Scroll untuk baca artikel
BeritaNasional

Refleksi PPM Nasional: Antara Jejak Perjuangan dan Tantangan Generasi Baru

245
×

Refleksi PPM Nasional: Antara Jejak Perjuangan dan Tantangan Generasi Baru

Share this article

Penulis: acank| editor: asyary|

Susana diskusi dalam pembukaan Rumah Makan di Bekasi (doc.ppm)

ppmindonesia.com.Bekasi, — Suasana pembukaan rumah makan milik Presidium Pusat Peranserta Masyarakat (PPM) Nasional, Nurhasan Ashari, di Bekasi, Senin (29/9/2025), berubah menjadi forum refleksi. Sejumlah tokoh PPM lintas generasi yang hadir tidak hanya bersilaturahmi, tetapi juga menggelar perbincangan serius mengenai arah gerakan PPM di tengah perubahan zaman.

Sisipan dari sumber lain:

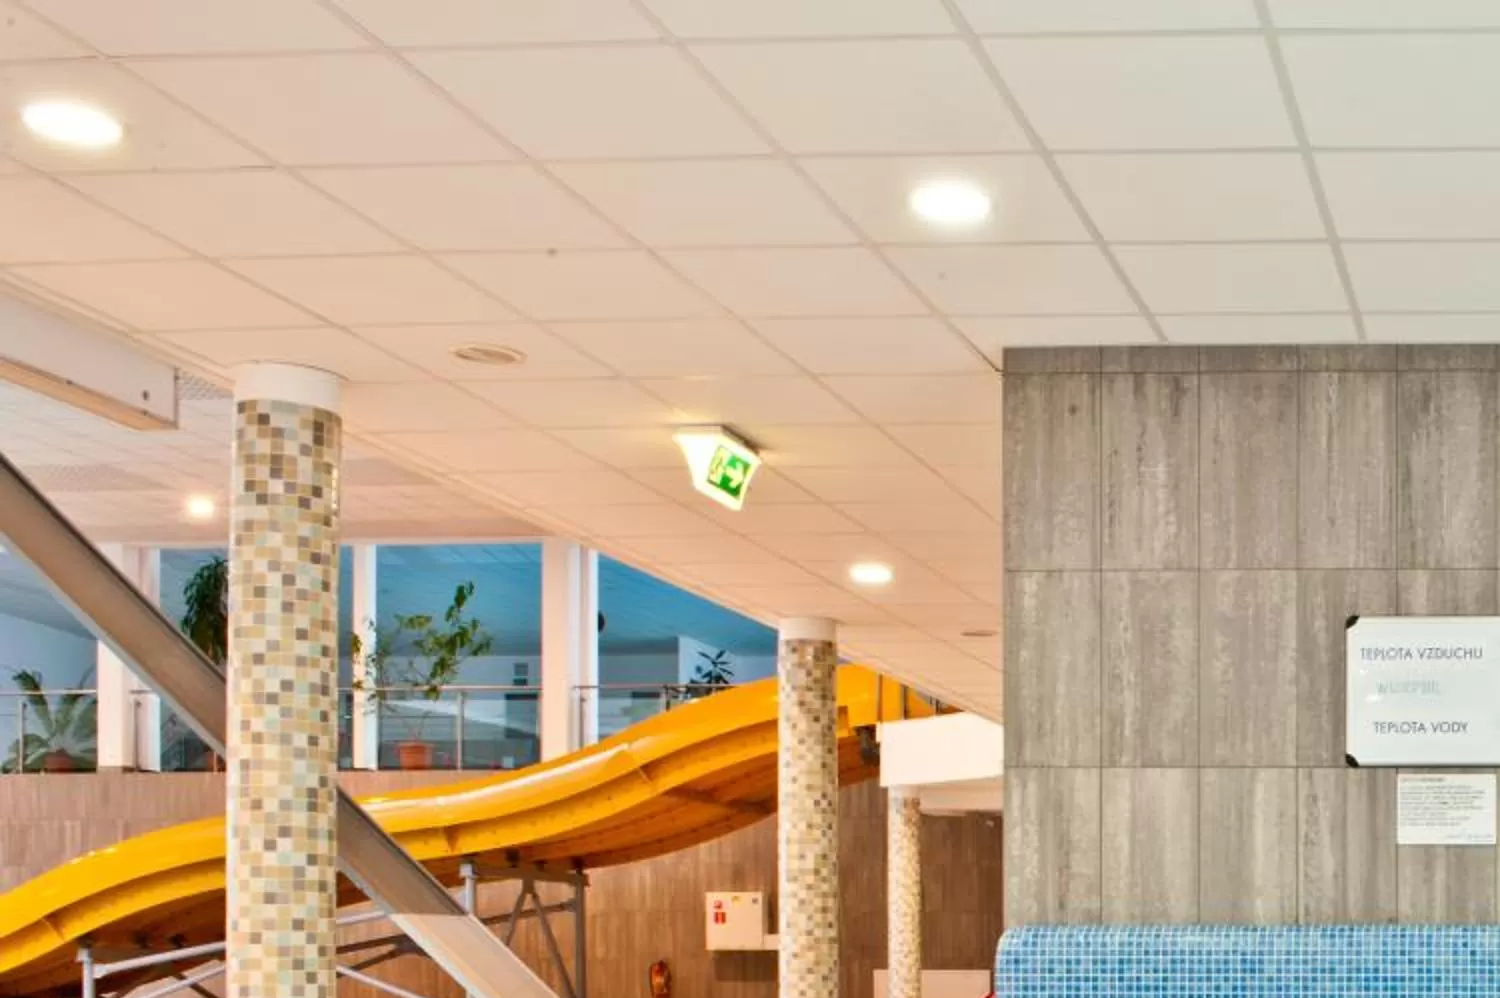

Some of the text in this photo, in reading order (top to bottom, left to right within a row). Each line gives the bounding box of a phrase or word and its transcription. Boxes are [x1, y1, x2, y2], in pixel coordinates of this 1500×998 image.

[1360, 647, 1413, 661] TEPLOTA
[1417, 647, 1484, 661] VZDUCHU
[1374, 721, 1469, 734] TEPLOTA VODY

Hadir dalam acara itu Presidium PPM Nasional Pupun Purwana, Sekretaris Jenderal PPM Nasional Anwar Hariyono, serta Moh Jumhur Hidayat, yang pernah menjabat Presidium satu Periode dan Ketua Umum PPM Nasional dua periode. Turut hadir pula tokoh senior Parito, Depri Cane Nasution, Yaminuddin, serta Usup Supriyatna, Ketua Koperasi Mina Agar Makmur yang dikenal sebagai perintis budidaya rumput laut berbasis polikultur di Karawang, Jawa Barat.

Jejak Perjuangan

Dalam diskusi santai yang mengiringi hidangan, Jumhur Hidayat mengingatkan kembali sejarah lahirnya PPM pada 1980-an. Saat itu, PPM hadir sebagai jembatan antar-subkultur, dengan tujuan utama mengentaskan kemiskinan struktural melalui perubahan pola pikir masyarakat.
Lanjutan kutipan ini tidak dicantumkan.